Karl Mark ve Friedrich Engels'in birlikte kaleme aldıkları 1848 tarihli ‘Komünist Manifesto’nun ilk cümlesi şöyle başlar...

Karl Mark ve Friedrich Engels'in birlikte kaleme aldıkları 1848 tarihli ‘Komünist Manifesto’nun ilk cümlesi şöyle başlar; Avrupa'da bir hayalet dolaşıyor - Komünizm hayaleti. Eski Avrupa'nın bütün güçleri bu hayaleti defetmek üzere kutsal bir ittifak içine girdiler: Papa ile Çar, Metternich ile Guizor, Fransız radikalleri ile Alman polis ajanları.

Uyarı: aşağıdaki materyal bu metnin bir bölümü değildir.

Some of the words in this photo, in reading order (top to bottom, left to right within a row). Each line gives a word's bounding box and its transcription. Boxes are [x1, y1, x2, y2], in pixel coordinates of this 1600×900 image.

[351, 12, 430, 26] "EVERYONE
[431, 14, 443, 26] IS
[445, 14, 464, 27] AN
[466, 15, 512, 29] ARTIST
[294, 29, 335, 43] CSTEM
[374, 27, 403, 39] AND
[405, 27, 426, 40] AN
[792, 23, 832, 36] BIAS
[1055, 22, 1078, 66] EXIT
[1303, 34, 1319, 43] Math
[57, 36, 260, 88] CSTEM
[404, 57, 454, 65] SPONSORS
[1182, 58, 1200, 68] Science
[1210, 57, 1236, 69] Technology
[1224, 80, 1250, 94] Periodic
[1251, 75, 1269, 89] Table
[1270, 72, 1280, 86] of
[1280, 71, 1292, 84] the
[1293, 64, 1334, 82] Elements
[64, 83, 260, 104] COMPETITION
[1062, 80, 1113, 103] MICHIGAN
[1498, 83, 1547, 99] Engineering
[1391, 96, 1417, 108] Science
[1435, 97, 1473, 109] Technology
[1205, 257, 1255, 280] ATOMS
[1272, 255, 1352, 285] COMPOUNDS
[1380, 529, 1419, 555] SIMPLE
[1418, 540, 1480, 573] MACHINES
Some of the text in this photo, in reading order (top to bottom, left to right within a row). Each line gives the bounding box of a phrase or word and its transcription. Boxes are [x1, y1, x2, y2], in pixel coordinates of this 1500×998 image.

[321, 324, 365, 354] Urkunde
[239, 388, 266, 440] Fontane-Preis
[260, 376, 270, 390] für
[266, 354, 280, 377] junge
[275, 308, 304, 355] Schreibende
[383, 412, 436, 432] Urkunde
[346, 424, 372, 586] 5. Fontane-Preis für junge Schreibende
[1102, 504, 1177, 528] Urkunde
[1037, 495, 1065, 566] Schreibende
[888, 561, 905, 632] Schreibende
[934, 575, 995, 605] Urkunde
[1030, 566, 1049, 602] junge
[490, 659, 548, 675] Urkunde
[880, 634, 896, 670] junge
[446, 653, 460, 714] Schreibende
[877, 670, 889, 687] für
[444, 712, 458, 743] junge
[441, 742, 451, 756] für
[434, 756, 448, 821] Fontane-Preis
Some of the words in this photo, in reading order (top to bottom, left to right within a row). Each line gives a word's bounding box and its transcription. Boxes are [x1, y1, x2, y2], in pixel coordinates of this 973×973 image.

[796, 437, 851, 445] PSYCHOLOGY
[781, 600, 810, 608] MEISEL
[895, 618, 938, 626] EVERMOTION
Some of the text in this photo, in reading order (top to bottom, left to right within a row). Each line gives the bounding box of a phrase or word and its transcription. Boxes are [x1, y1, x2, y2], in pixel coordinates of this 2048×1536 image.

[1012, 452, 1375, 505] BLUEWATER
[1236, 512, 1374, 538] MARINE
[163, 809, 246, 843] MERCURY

Manifesto’nun Almanca olarak basılan ilk baskısının Londra sokaklarda dağıtılmasından bir iki hafta kadar sonra Avrupa baştan aşağı devrimlerle çalkalanır. İmparatorlukları sarsan ayaklanmalar yaşlı kıtada yeni bir çağın başlangıcını müjdeler.

Marx ve Engels'in "Avrupa'nın üzerinde bir hayalet dolaşıyor" tespitine yol açan gelişmelerin bir benzeri de bugün yaşanıyor. Bir tek farkla ama; “Komünizm hayaleti” bu sefer sadece Avrupa'nın üzerinde değil, artık tüm dünyanın üzerinde dolaşmakta.

Manifesto'nun ünlü son sözü, proletaryanın mücadele sloganı olarak, bugün New York’tan, Chiago’ya, Toronto’dan Tel Aviv’e, Atina’dan Madrid’e, Dublin’den Brüksel’e kadar kapitalist başkentlerde yankılanıyor.

Yapısal bir krizin girdabındaki kapitalizmin neoliberal politikalarının açlığa, yoksulluğa ve geleceksizliğe mahkum ettiği kitleler sokaklarda yeni bir dönemin başlangıcını muştuluyor! Öğrenciler, gençler, beyaz ve mavi yakalı çalışanlar, kadınlar her an işini kaybetme korkusu yaşayan çalışanlar hep birlikte yeni bir mücadele hattı inşa ediyor.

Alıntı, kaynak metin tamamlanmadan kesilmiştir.